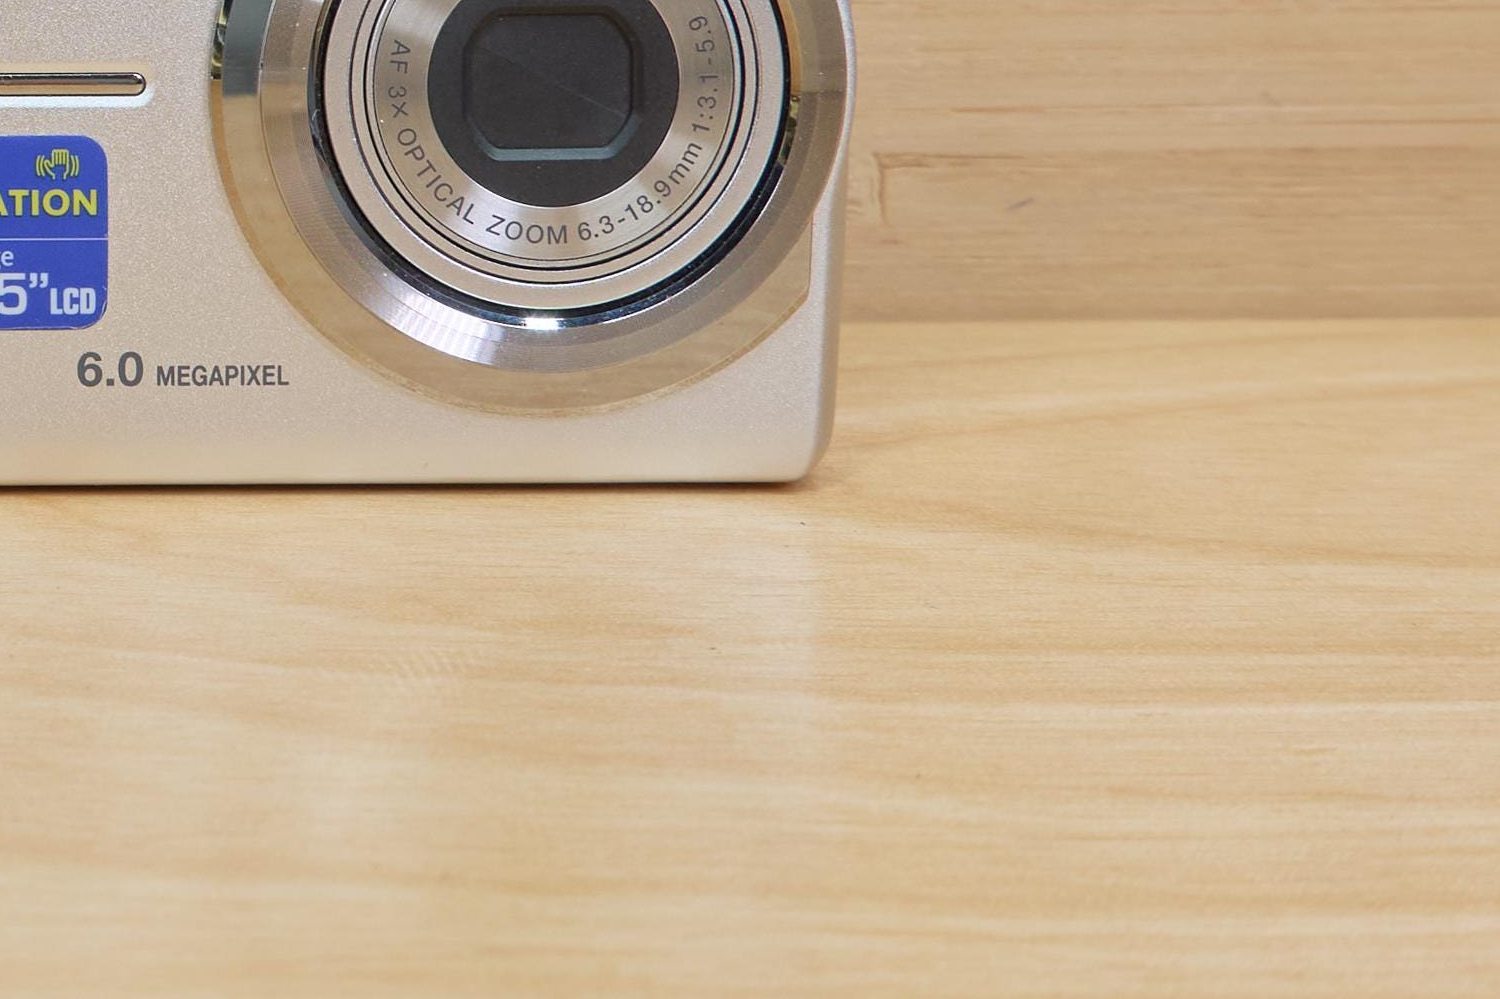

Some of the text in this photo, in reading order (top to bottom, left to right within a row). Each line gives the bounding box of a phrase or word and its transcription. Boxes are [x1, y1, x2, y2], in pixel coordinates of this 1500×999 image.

[389, 39, 411, 75] AF
[396, 127, 476, 226] OPTICAL
[485, 214, 569, 245] ZOOM
[50, 287, 97, 315] LCD
[76, 351, 290, 387] 6.0 MEGAPIXEL
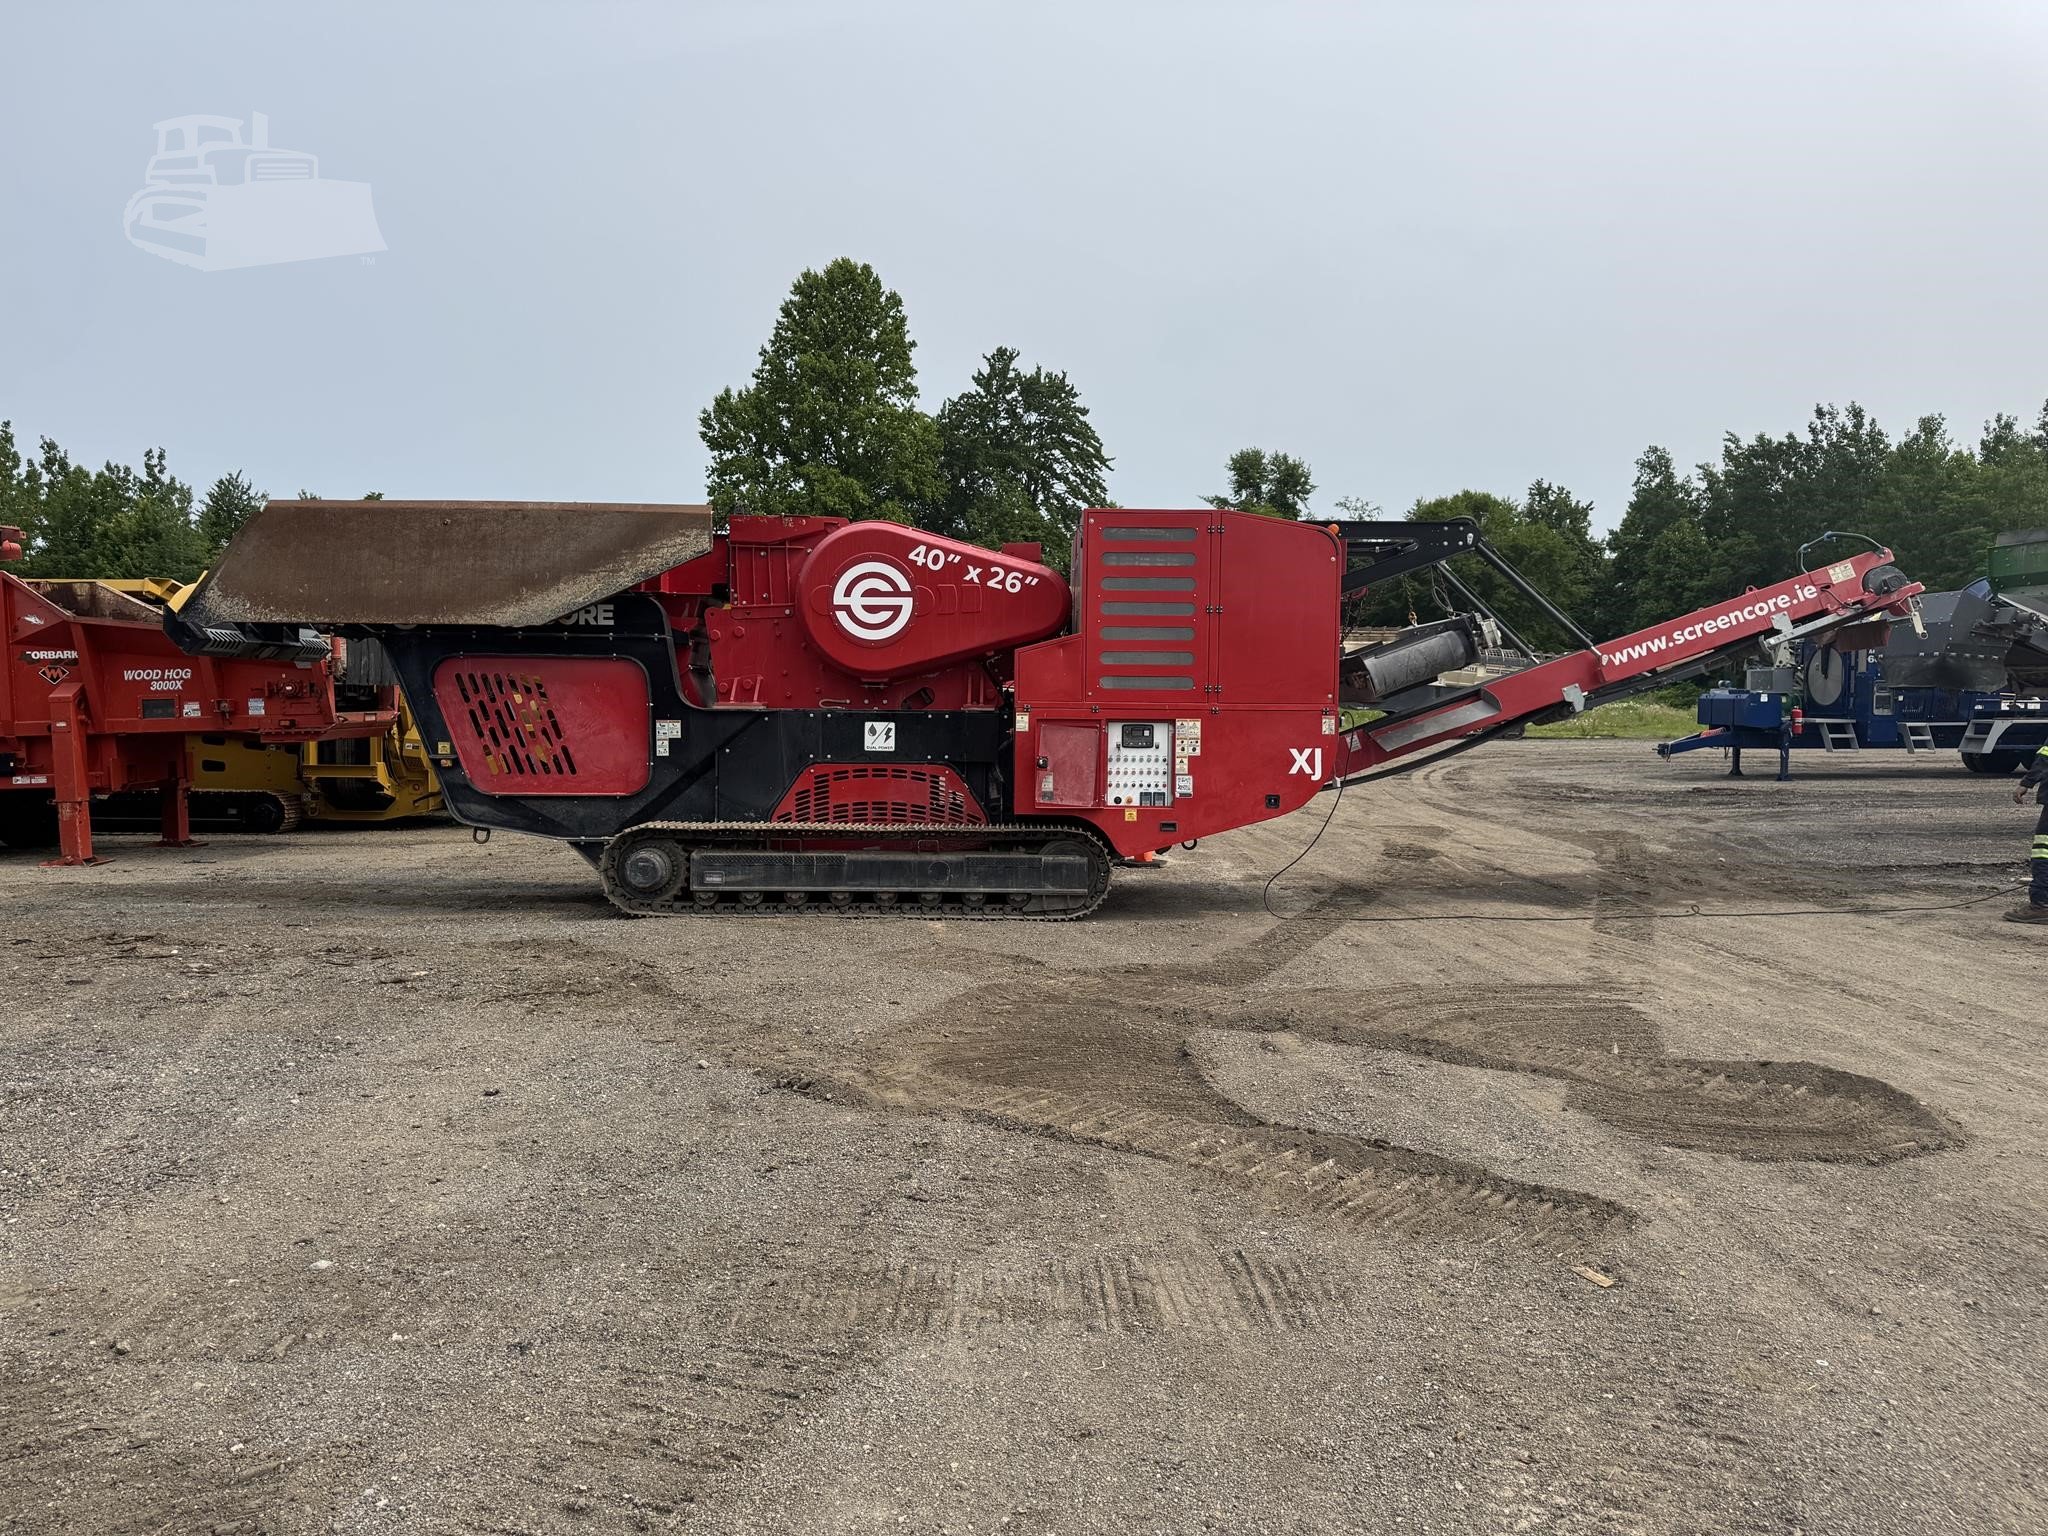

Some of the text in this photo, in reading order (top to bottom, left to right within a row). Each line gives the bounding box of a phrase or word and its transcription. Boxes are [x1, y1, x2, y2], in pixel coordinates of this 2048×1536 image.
........
§ **What to work on**:
Copy the material shown above in full and exactly. Skip the pictures.

§ **Solution to the problem**:
Some of the text in this photo, in reading order (top to bottom, left to right within a row). Each line gives the bounding box of a phrase or word and its transcription. Boxes are [x1, y1, x2, y2], in pixel coordinates of this 1500×999 image.

[389, 39, 411, 75] AF
[396, 127, 476, 226] OPTICAL
[485, 214, 569, 245] ZOOM
[50, 287, 97, 315] LCD
[76, 351, 290, 387] 6.0 MEGAPIXEL

Some of the text in this photo, in reading order (top to bottom, left to right within a row). Each line gives the bounding box of a phrase or word and its transcription. Boxes are [x1, y1, x2, y2], in pixel coordinates of this 2048×1536 image.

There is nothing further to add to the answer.